*The problem:*
In the material below, find the line with "this 1568×1393 image."; set down that line and every line after it to the end, exactly, without pictures.

*Input for this task:*
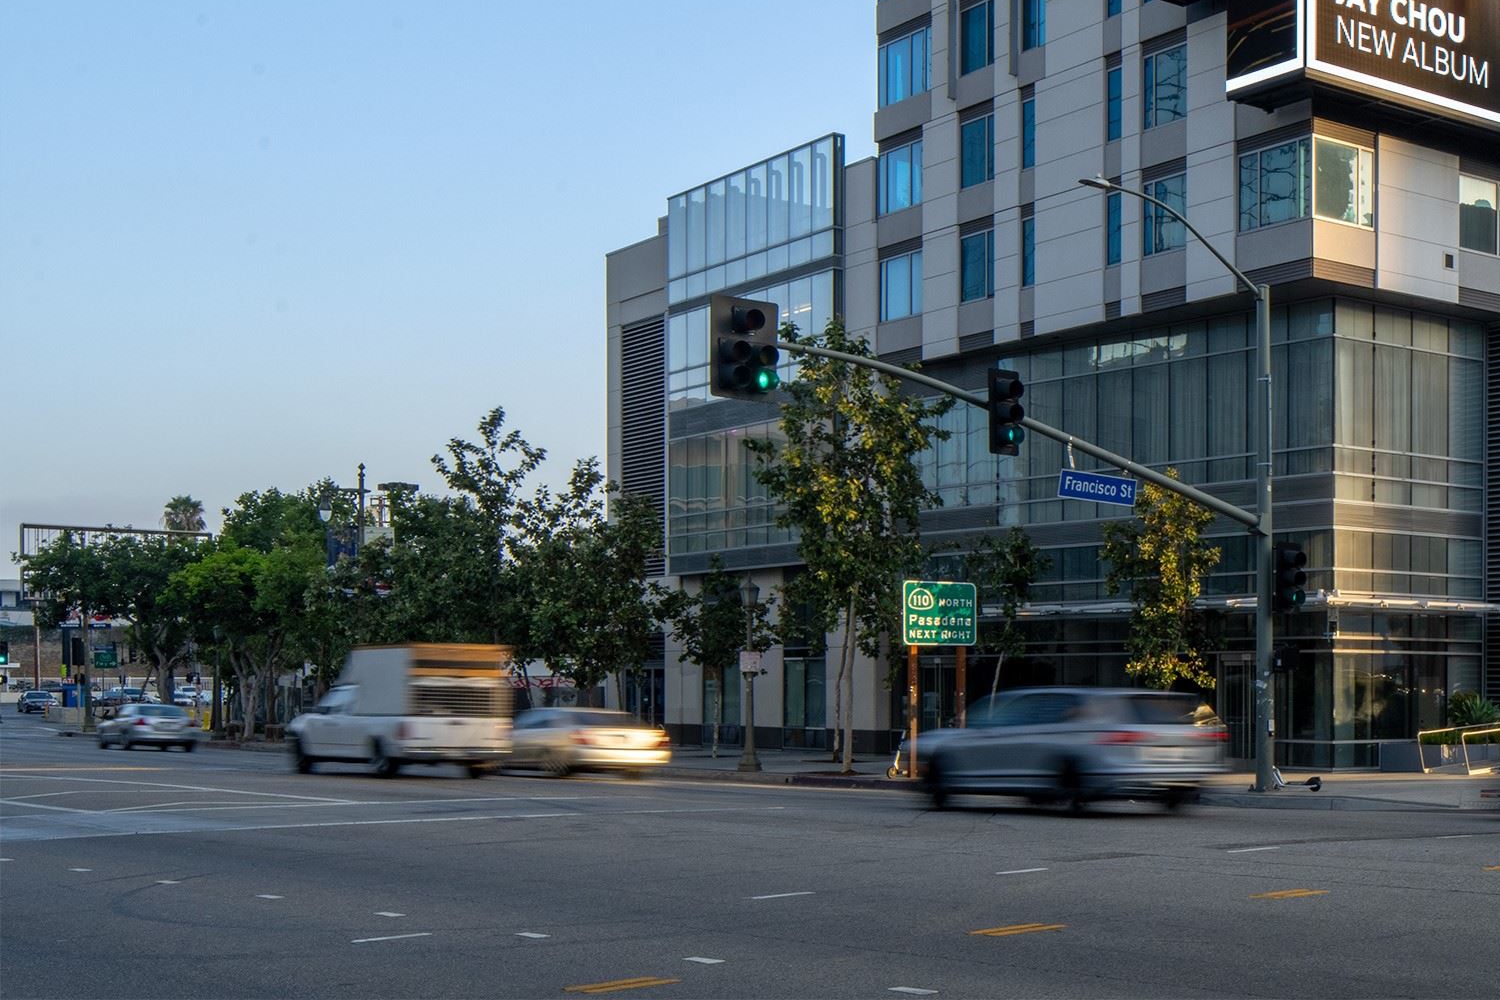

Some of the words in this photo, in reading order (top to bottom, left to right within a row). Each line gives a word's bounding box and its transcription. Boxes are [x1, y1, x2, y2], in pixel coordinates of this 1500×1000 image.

[1336, 14, 1397, 60] NEW
[1402, 37, 1489, 89] ALBUM
[1064, 475, 1117, 497] Francisco
[1120, 483, 1133, 498] St
[912, 594, 930, 607] 110
[938, 598, 973, 608] NORTH
[909, 613, 972, 627] Pasadena
[909, 629, 937, 639] NEXT
[941, 629, 971, 640] RIGHT
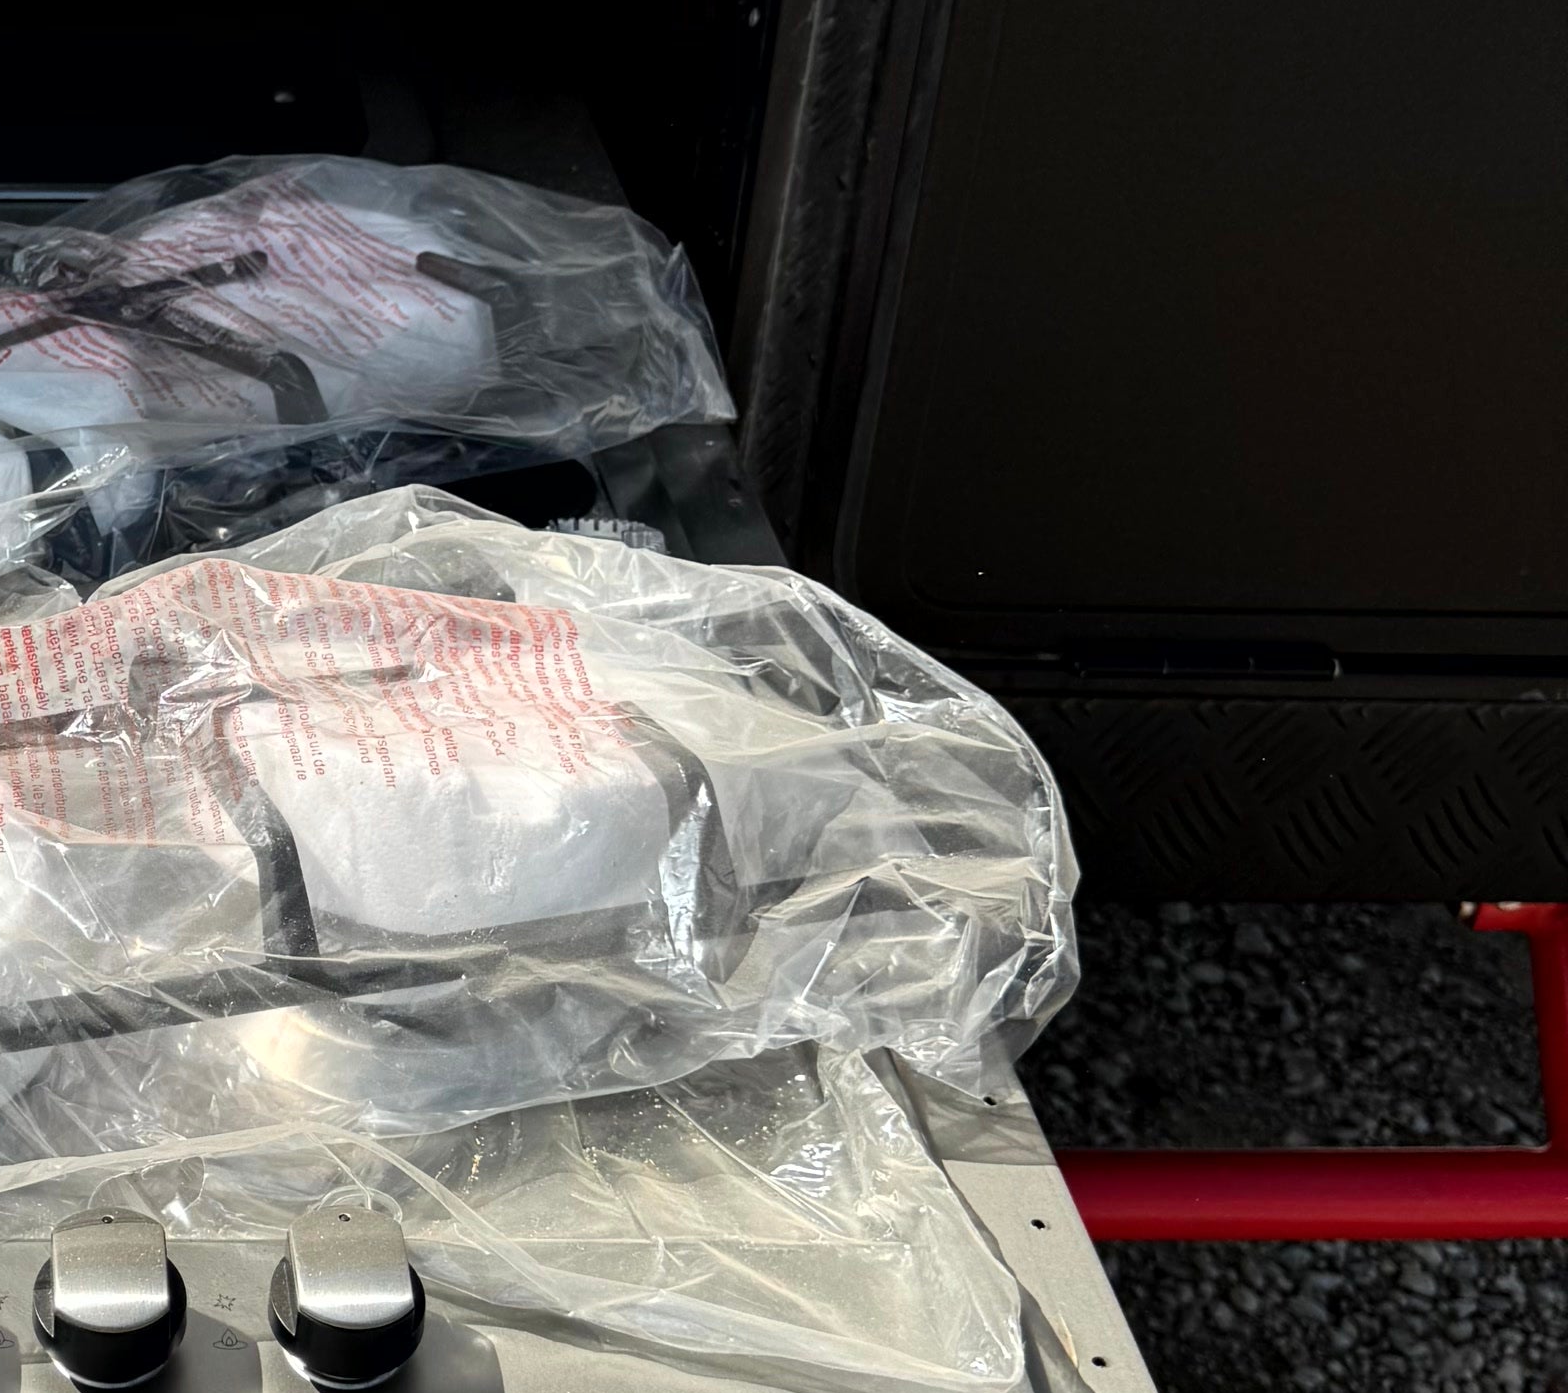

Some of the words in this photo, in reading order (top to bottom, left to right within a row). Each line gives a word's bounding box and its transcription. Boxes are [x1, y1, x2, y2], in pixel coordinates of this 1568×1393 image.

[90, 642, 102, 656] от
[100, 605, 126, 674] опасности
[47, 628, 70, 693] детскими
[566, 653, 594, 696] possono
[93, 661, 113, 701] детей
[357, 739, 371, 763] und
[442, 728, 459, 762] evitar
[313, 760, 325, 775] de
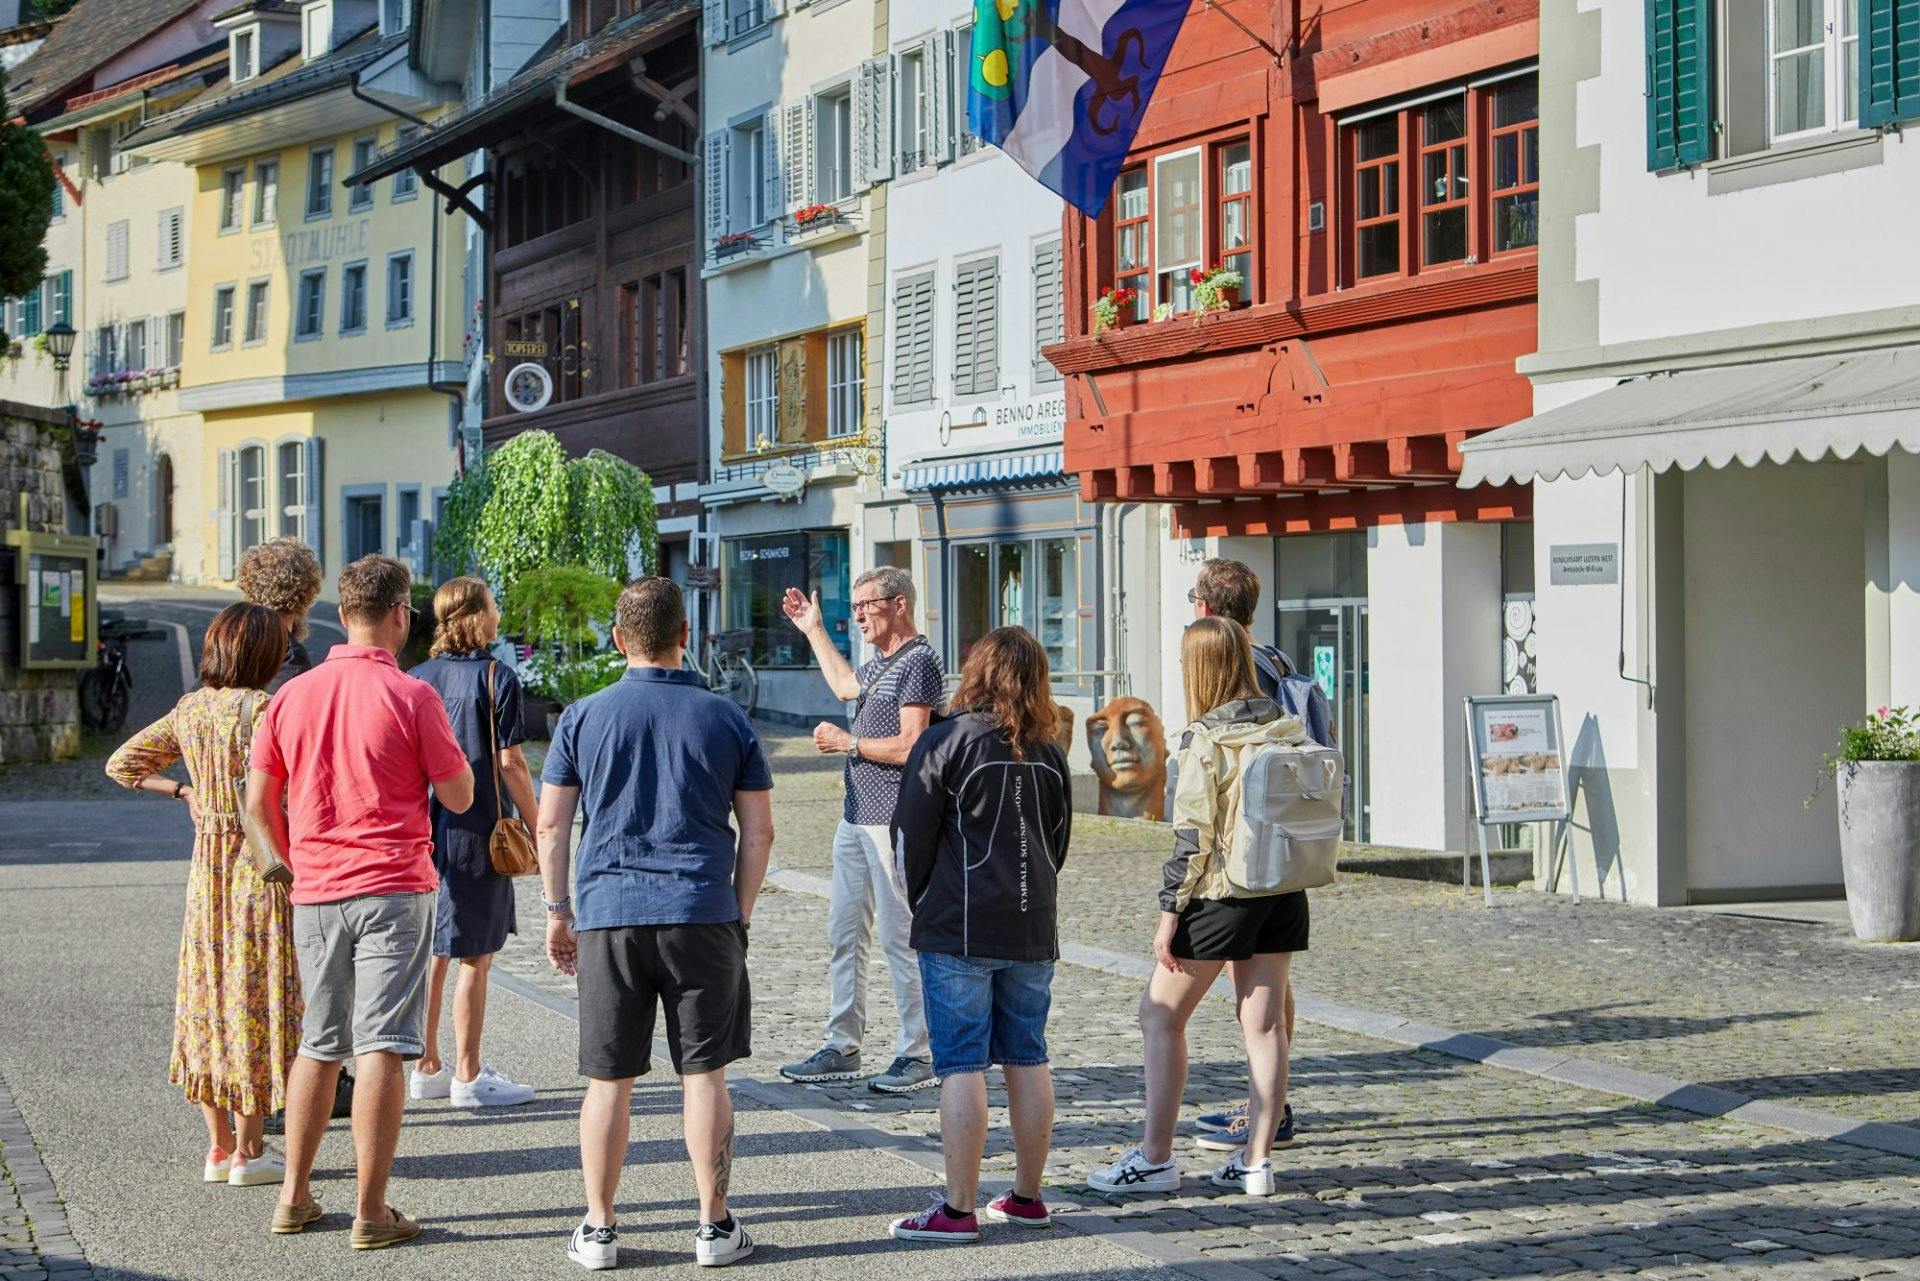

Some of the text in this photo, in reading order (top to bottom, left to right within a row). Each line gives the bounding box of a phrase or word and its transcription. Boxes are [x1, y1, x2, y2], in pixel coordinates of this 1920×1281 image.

[996, 404, 1034, 425] BENNO
[1018, 421, 1062, 437] IMMOBILIEN
[1583, 555, 1600, 563] LUZERN
[1600, 554, 1613, 563] WEST
[1019, 861, 1028, 912] CYMBALS

*Exercise output:*
Some of the words in this photo, in reading order (top to bottom, left to right within a row). Each line gives a word's bounding box and its transcription. Boxes are [x1, y1, x2, y2], in pixel coordinates of this 1568×1393 image.

[90, 642, 102, 656] от
[100, 605, 126, 674] опасности
[47, 628, 70, 693] детскими
[566, 653, 594, 696] possono
[93, 661, 113, 701] детей
[357, 739, 371, 763] und
[442, 728, 459, 762] evitar
[313, 760, 325, 775] de

Some of the text in this photo, in reading order (top to bottom, left to right within a row). Each line gives the bounding box of a phrase or word and its transcription. Boxes are [x1, y1, x2, y2], in pixel coordinates of this 1920×1281 image.

[996, 404, 1034, 425] BENNO
[1018, 421, 1062, 437] IMMOBILIEN
[1583, 555, 1600, 563] LUZERN
[1600, 554, 1613, 563] WEST
[1019, 861, 1028, 912] CYMBALS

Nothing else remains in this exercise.